The proposed change does not introduce any changes or mechanisms
that create the possibility of a new or different kind of accident.
Tube bundle integrity is expected to be maintained for all plant
conditions upon implementation of the interim alternate repair
criteria. The proposed change does not introduce any new equipment
or any change to existing equipment. No new effects on existing
equipment are created nor are any new malfunctions introduced.
Therefore, based on the above evaluation, the proposed changes
do not create the possibility of a new or different kind of accident
from any accident previously evaluated.
(3) Does the proposed change involve a significant reduction in
a margin of safety?
Response: No.
The proposed change maintains the required structural margins of
the steam generator tubes for both normal and accident conditions.
NEI 97-06, Rev. 2 and RG 1.121 are used as the basis in the
development of the interim alternate repair criteria (IARC)
methodology for determining that steam generator tube integrity
considerations are maintained within acceptable limits. RG 1.121
describes a method acceptable to the NRC staff for meeting General
Design Criteria 14, 15, 31, and 32 by reducing the probability and
consequences of an SGTR. RG 1.121 concludes that by determining the
limiting safe conditions of tube wall degradation beyond which tubes
with unacceptable cracking, as established by inservice inspection,
should be removed from service or repaired, the probability and
consequences of a SGTR are reduced. This RG uses safety factors on
loads for tube burst that are consistent with the requirements of
Section III of the ASME Code.
For axially oriented cracking located within the tubesheet, tube
burst is precluded due to the presence of the tubesheet. For
circumferentially oriented cracking in a tube or the tube-to-
tubeshe[e]t weld, the Westinghouse analysis, provided in report
``LTR-CDME-08-11 P-Attachment,'' defines a length of remaining tube
ligament that provides the necessary resistance to tube pullout due
to the pressure induced forces (with applicable safety factors
applied). Additionally, it is shown that application of the IARC
will not result in unacceptable primary-to-secondary leakage during
all plant conditions, including transients and postulated accident
conditions.
Based on the above, it is concluded that the proposed changes do
not result in any reduction in a margin of safety.
Based on the above, EGC [the licensee] concludes that the
proposed amendment presents no significant hazards consideration
under the standards set forth in 10 CFR 50.92(c) and, accordingly, a
finding of ``no significant hazards consideration'' is justified.

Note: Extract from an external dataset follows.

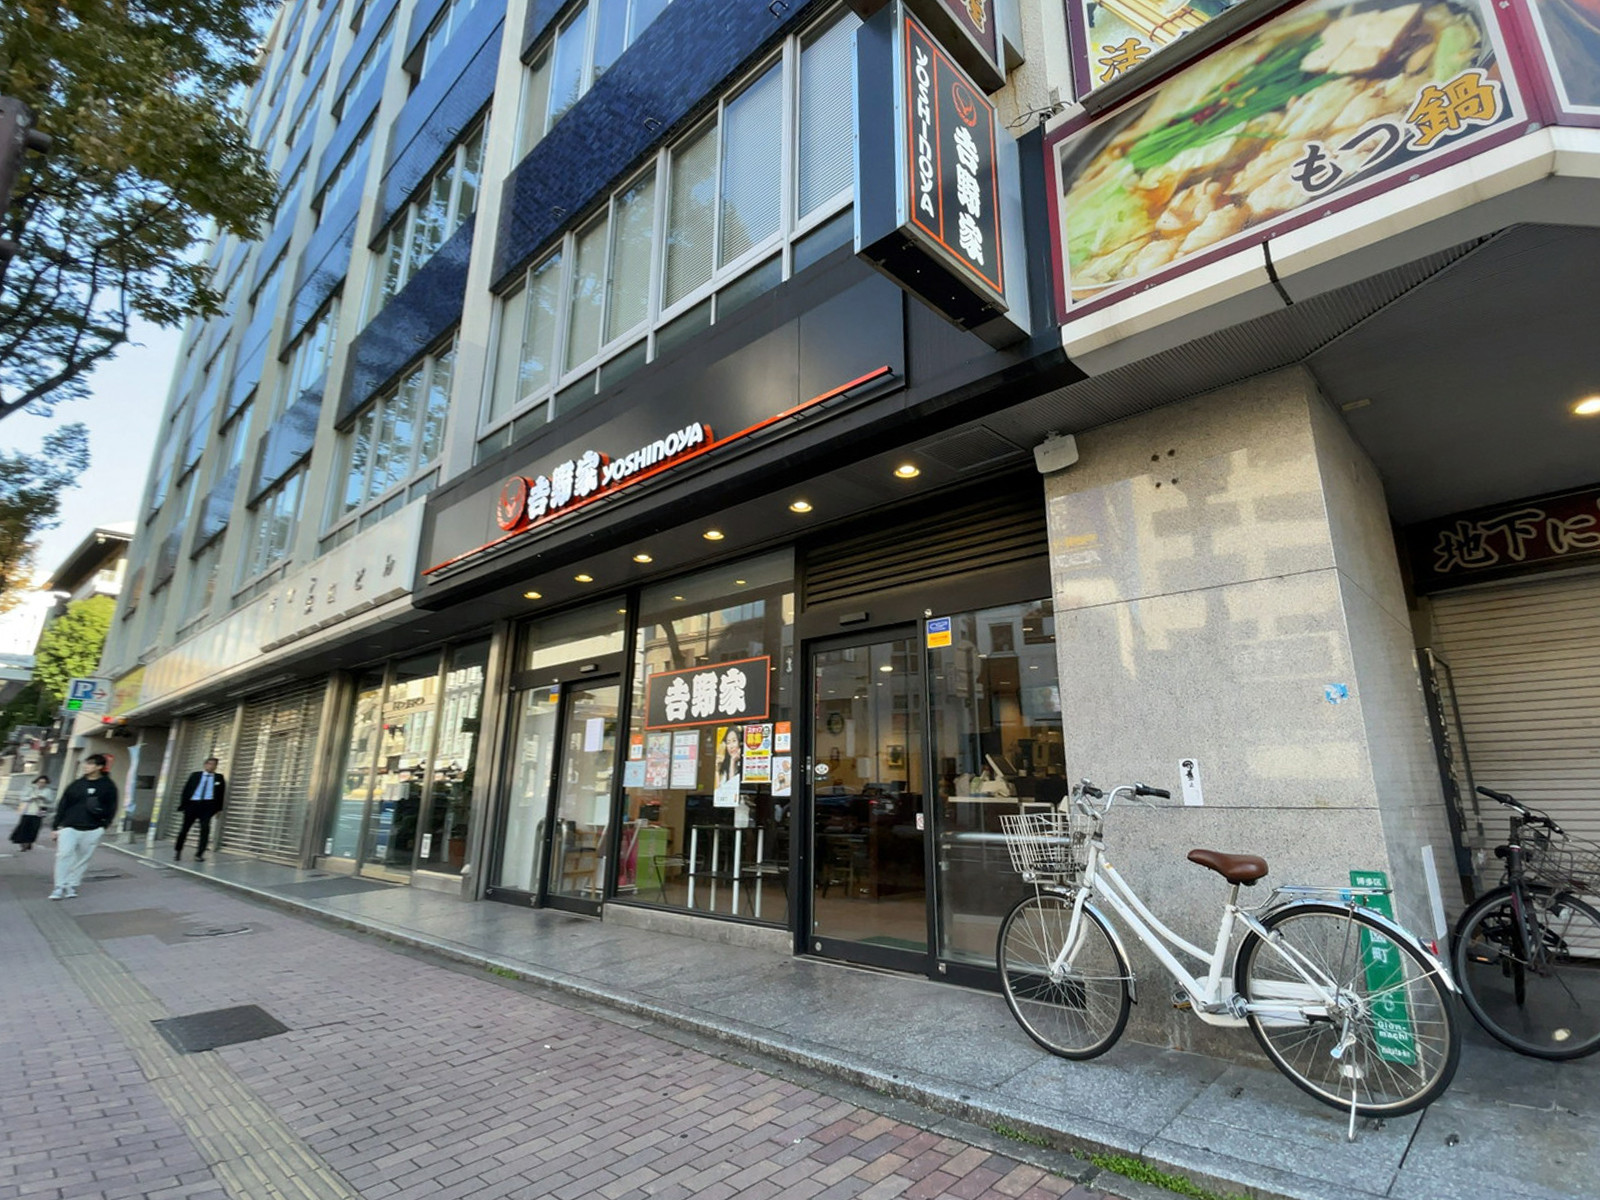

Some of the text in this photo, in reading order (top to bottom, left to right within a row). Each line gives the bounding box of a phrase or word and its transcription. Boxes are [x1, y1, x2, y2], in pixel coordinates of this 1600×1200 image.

[915, 46, 935, 219] YOSHINOYA
[1291, 73, 1496, 192] もつ鍋
[601, 422, 704, 486] YOSHINOYA

The NRC staff has reviewed the licensee's analysis and, based on
this review, it appears that the three standards of 10 CFR 50.92(c) are
satisfied. Therefore, the NRC staff proposes to determine that the
amendment request involves no significant hazards consideration.

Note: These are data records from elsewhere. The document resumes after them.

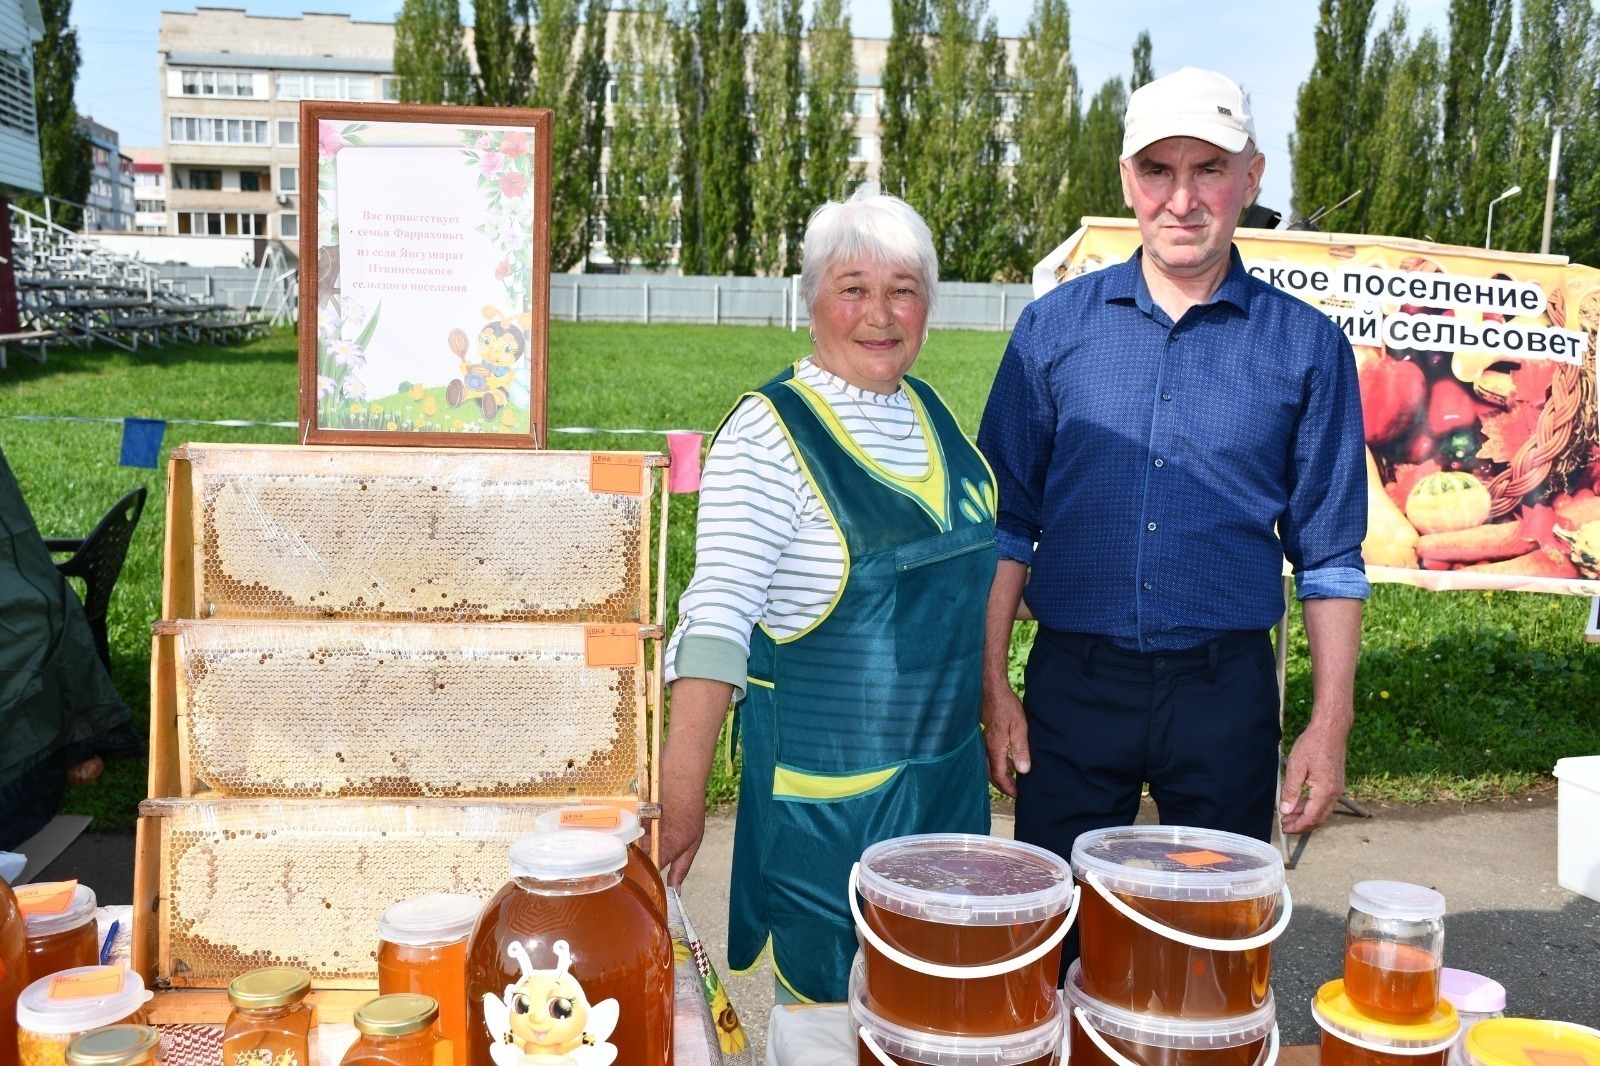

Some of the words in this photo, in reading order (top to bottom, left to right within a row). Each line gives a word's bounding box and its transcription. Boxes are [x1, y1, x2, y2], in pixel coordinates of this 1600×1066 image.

[363, 210, 382, 220] Вас
[385, 213, 460, 225] приветствует
[357, 229, 390, 238] семья
[394, 228, 464, 241] Фарраховых
[357, 249, 370, 257] из
[372, 249, 396, 258] села
[368, 263, 453, 276] Иткинеевского
[352, 281, 408, 291] сельского
[410, 282, 467, 293] поселения
[1343, 273, 1539, 310] поселение
[1389, 319, 1581, 358] сельсовет
[592, 455, 611, 463] ЦЕНА
[586, 628, 605, 636] ЦЕНА
[17, 890, 39, 898] ЦЕНА
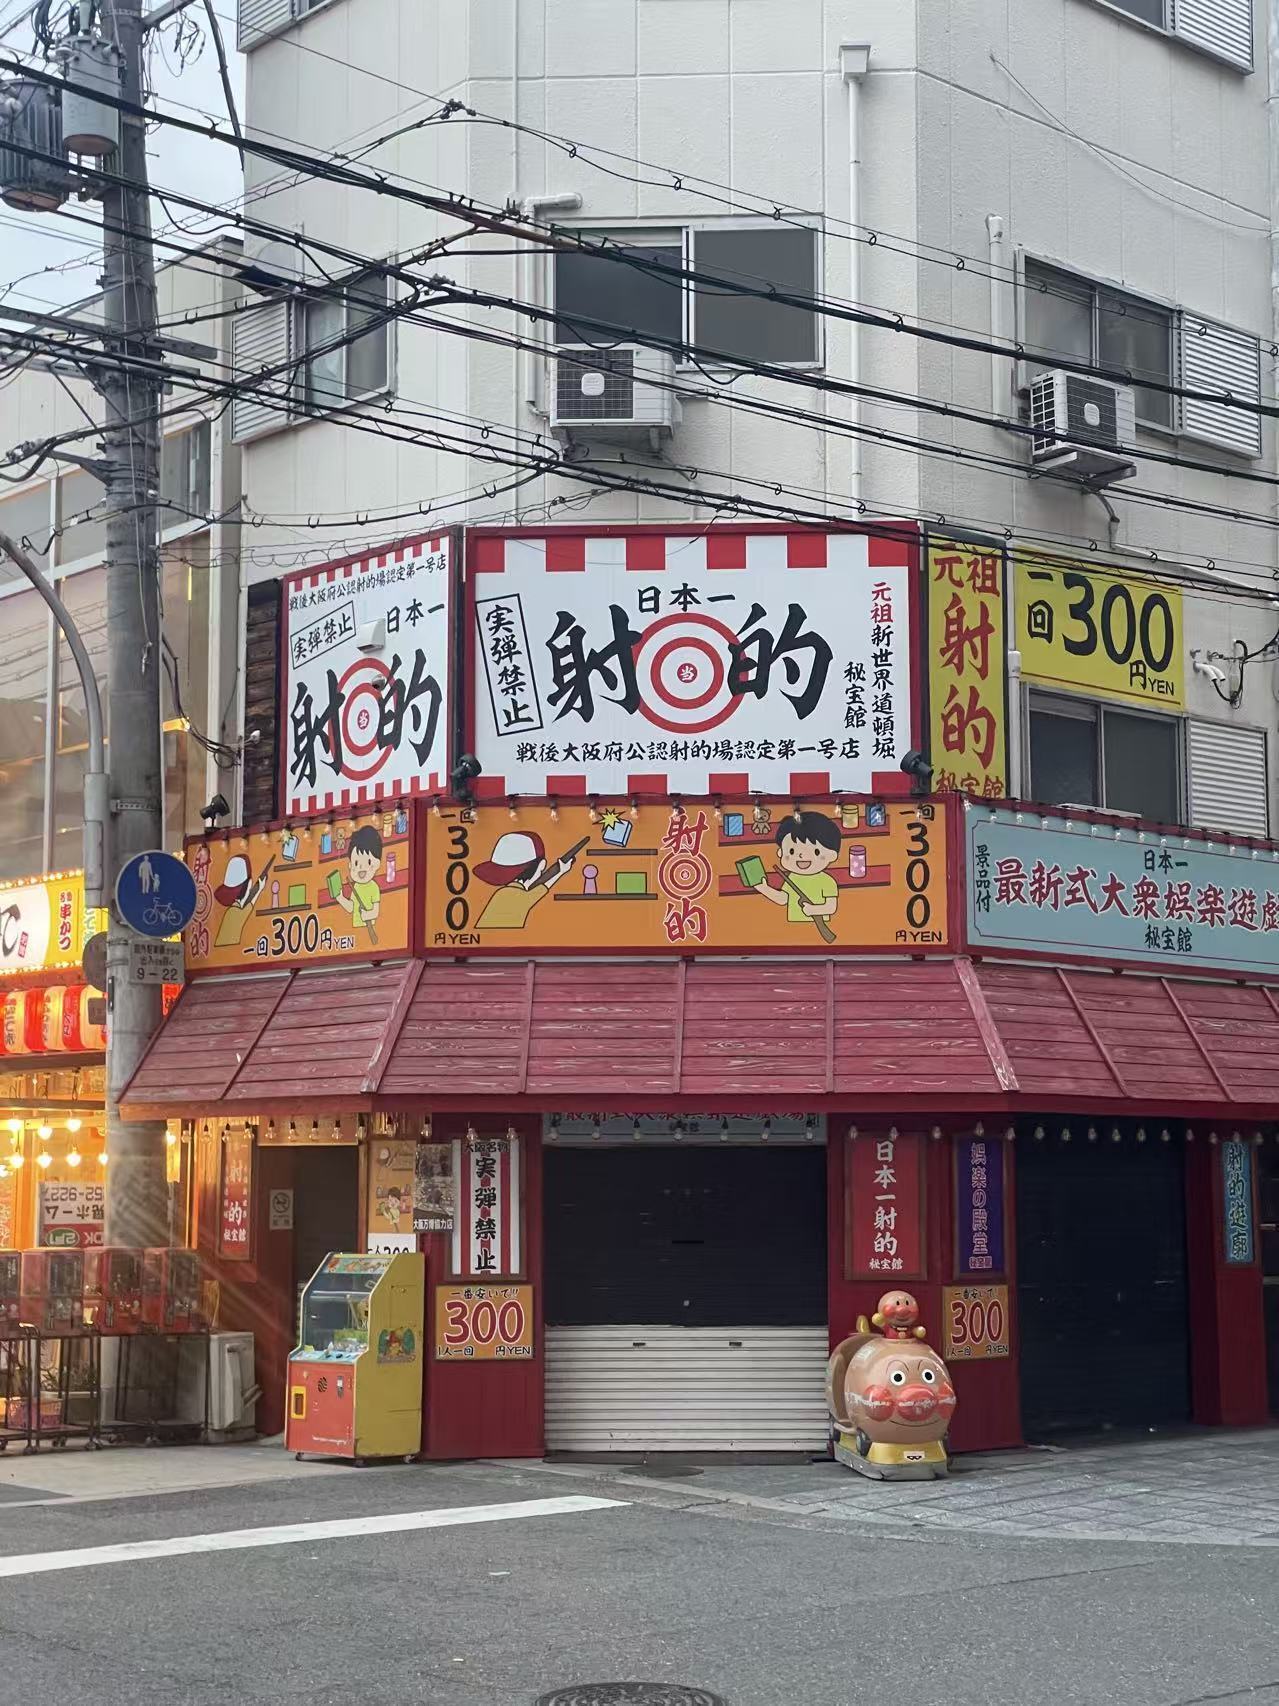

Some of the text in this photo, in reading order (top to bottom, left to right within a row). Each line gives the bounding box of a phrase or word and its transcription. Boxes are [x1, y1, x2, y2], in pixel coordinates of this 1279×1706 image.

[637, 582, 735, 614] 日本一
[934, 547, 1000, 598] 元祖
[293, 612, 354, 664] 実弾禁止
[385, 598, 446, 635] 日本一
[1061, 573, 1174, 672] 300
[485, 604, 534, 728] 実弾禁止
[545, 602, 834, 724] 射的
[843, 660, 867, 730] 秘宝館
[940, 592, 997, 770] 射的
[290, 648, 443, 791] 射的
[516, 738, 860, 763] 戦後大阪府公認射的場認定第一号店
[899, 803, 935, 821] 一回
[445, 825, 470, 931] 300
[660, 801, 709, 943] 射的
[906, 821, 931, 929] 300
[975, 844, 991, 913] 景品付
[1143, 849, 1189, 874] 日本一
[1144, 925, 1193, 953] 秘宝館
[474, 1156, 497, 1271] 実弾禁止
[872, 1140, 898, 1257] 日本一射的
[868, 1257, 903, 1271] 秘宝館
[444, 1300, 525, 1345] 300
[951, 1299, 1004, 1345] 300

The Commission is seeking public comments on this proposed
determination. Any comments received within 30 days after the date of
publication of this notice will be considered in making any final
determination.
Normally, the Commission will not issue the amendment until the
expiration of 60 days after the date of publication of this notice. The
Commission may issue the license amendment before expiration of the 60-
day period provided that its final determination is that the amendment
involves no significant hazards consideration. In addition, the
Commission may issue the amendment prior to the expiration of the 30-
day comment period should circumstances change during the 30-day
comment period such that failure to act in a timely way would result,
for example, in derating or shutdown of the facility. Should the
Commission take action prior to the expiration of either the comment
period or the notice period, it will publish in the Federal Register a
notice of issuance. Should the Commission make a final No Significant
Hazards Consideration Determination, any hearing will take place after
issuance. The Commission expects that the need to take this action will
occur very infrequently.
Written comments may be submitted by mail to the Chief, Rulemaking,
Directives and Editing Branch, Division of Administrative Services,
Office of Administration, U.S. Nuclear Regulatory Commission,
Washington, DC 20555-0001, and should cite the publication date and
page number of this Federal Register notice. Written comments may also
be delivered to Room 6D59, Two White Flint North, 11545 Rockville Pike,
Rockville, Maryland, from 7:30 a.m. to 4:15 p.m. Federal workdays.
Documents may be examined, and/or copied for a fee, at the NRC's Public
Document Room (PDR), located at One White Flint North, Public File Area
O1F21, 11555 Rockville Pike (first floor), Rockville, Maryland.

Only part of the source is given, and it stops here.